Le dernier maire de l'ex-ville de La Baie, Réjean Simard, oeuvre présentement au sein d'une Fondation toute neuve qui poursuit ouvertement le but de sauvegarder, s'il y a lieu, les intérêts des communautés blanches susceptibles d'être touchées directement par l'adoption définitive de l'«Approche commune».

Présent à Sept-Îles, mardi, pour obtenir des délégués gouvernementaux l'information attendue depuis plusieurs mois, Réjean Simard est resté sur sa faim, semble-t-il. Tout comme, d'ailleurs, les quelque 300 citoyens de la plus importante ville de la Côte-Nord qui s'étaient eux aussi déplacés spécialement pour l'occasion. Insatisfaits de la tournure des événements, tout ce beau monde ne s'est pas privé de chahuter les fonctionnaires. Ces derniers, de leur propre aveu, ont dévoilé seulement les grandes lignes de l'entente. Or, ce qu'exigent les citoyens, avec raison, c'est de prendre connaissance de tout le contenu du futur traité, en particulier les clauses imprimées en petits caractères et, s'il y a lieu, les annexes secrètes ou autres...

D'autres réunions

La rencontre de Baie-Comeau, mercredi, semble avoir été plus sereine que celle de Sept-Îles alors que des participants, frustrés du manque de clarté de certaines réponses, ont quitté en claquant la porte! Au moment où ces lignes étaient écrites, l'assemblée d'«information» des Escoumins n'avait pas encore eu lieu. Là-bas, la communauté blanche a de bonnes raisons de s'inquiéter puisque la réserve d'Essipit est à toute fin pratique enclavée dans le village. Les résidants craignent que l'inverse se produise, une fois que l'«Approche commune» obtiendra l'imprimatur d'Ottawa.

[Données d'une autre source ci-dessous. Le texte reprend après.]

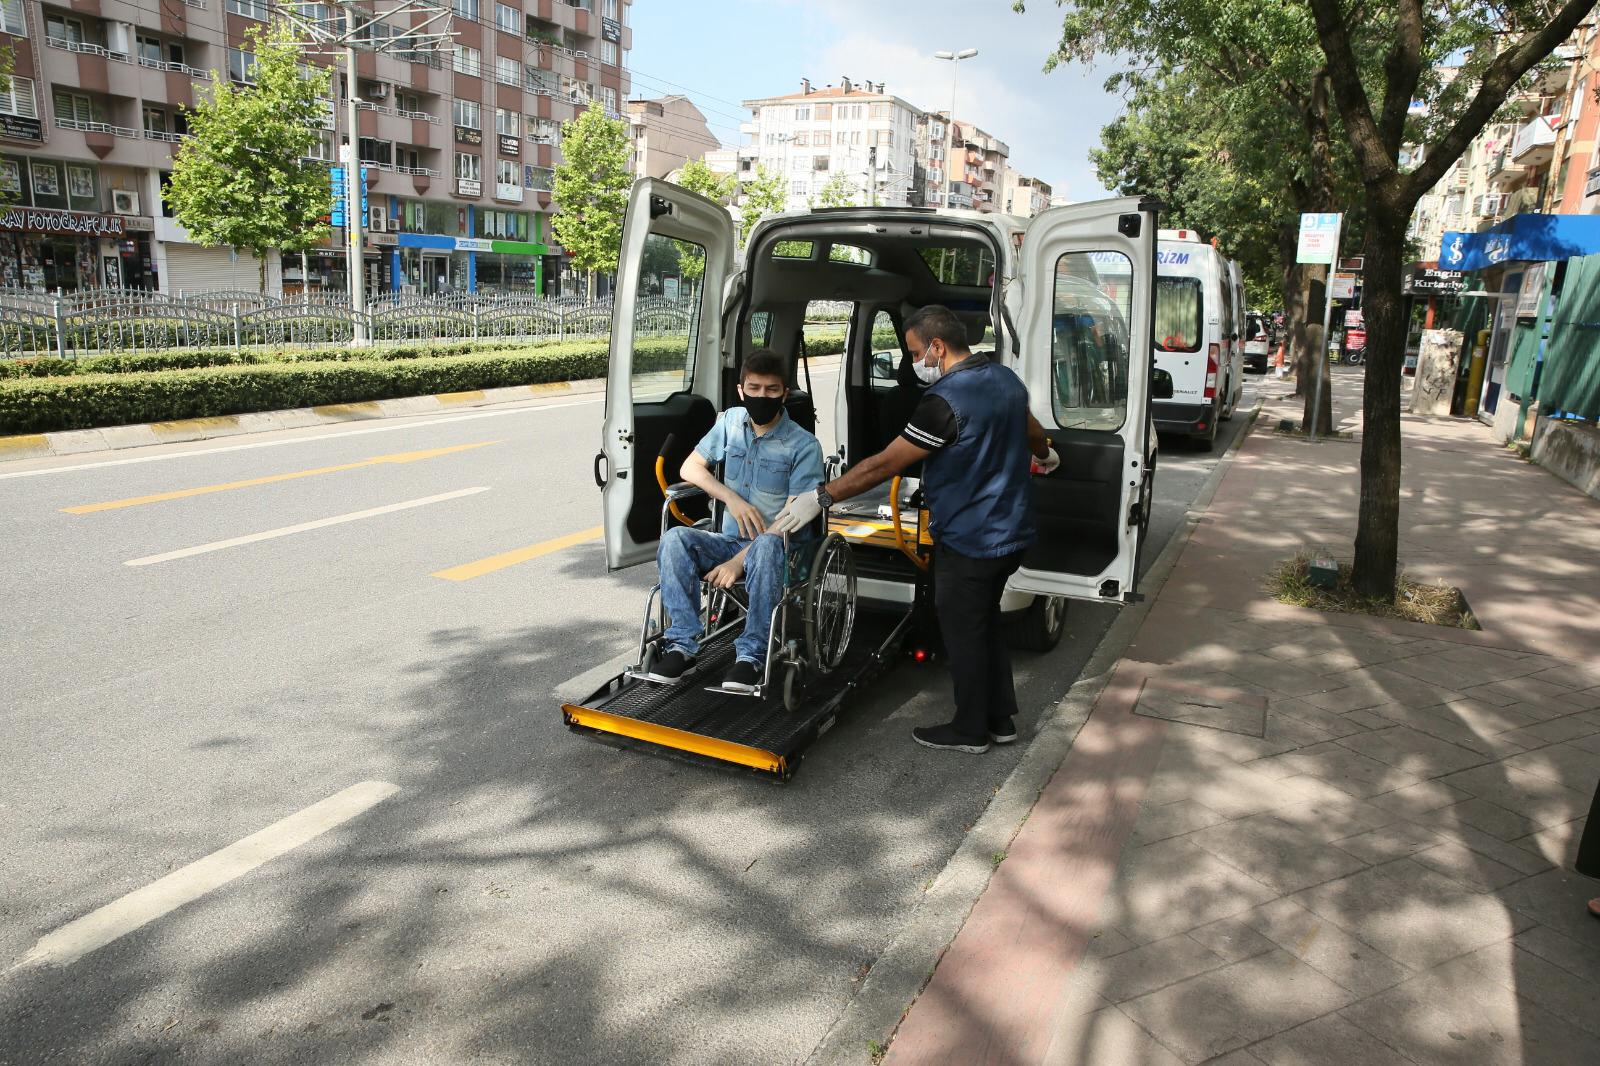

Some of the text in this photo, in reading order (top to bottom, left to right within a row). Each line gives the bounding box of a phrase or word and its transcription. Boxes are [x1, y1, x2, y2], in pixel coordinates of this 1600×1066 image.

[27, 211, 122, 235] FOTOĞRAFÇILIK
[1424, 268, 1462, 280] Engin
[1414, 279, 1469, 290] Kırtasiye

Le climat de tension qui a prévalu à Sept-Iles et l'atmosphère de suspicion ayant caractérisé la soirée de Baie-Comeau laissent présager que, en autant que l'Approche commune est concernée, l'action est à la veille de monter d'un autre cran au Saguenay—Lac-Saint-Jean. Selon le député de Chicoutimi à l'Assemblée nationale, Stéphane Bédard, des rencontres du même genre doivent avoir lieu, au début du mois de juin, dans différentes villes de la région. C'est ici, en effet, que la Société du 14 Juillet, un organisme de pression lancé l'année dernière à Chicoutimi, tire avec le plus d'insistance sur la sonnette d'alarme.

Le manque de transparence de Québec pour tout ce qui concerne le contenu de l'Approche commune et ses conséquences éventuelles sur les populations blanches, une attitude que semble vouloir adopter Ottawa, est porteur de nombreux éléments de discorde, potentiellement explosifs.

Somme toute, les deux paliers de gouvernement sont peut-être allés trop loin; ils seraient en train de se rendre compte, un peu tard, de l'ampleur de la catastrophe anticipée, que cela ne serait guère surprenant.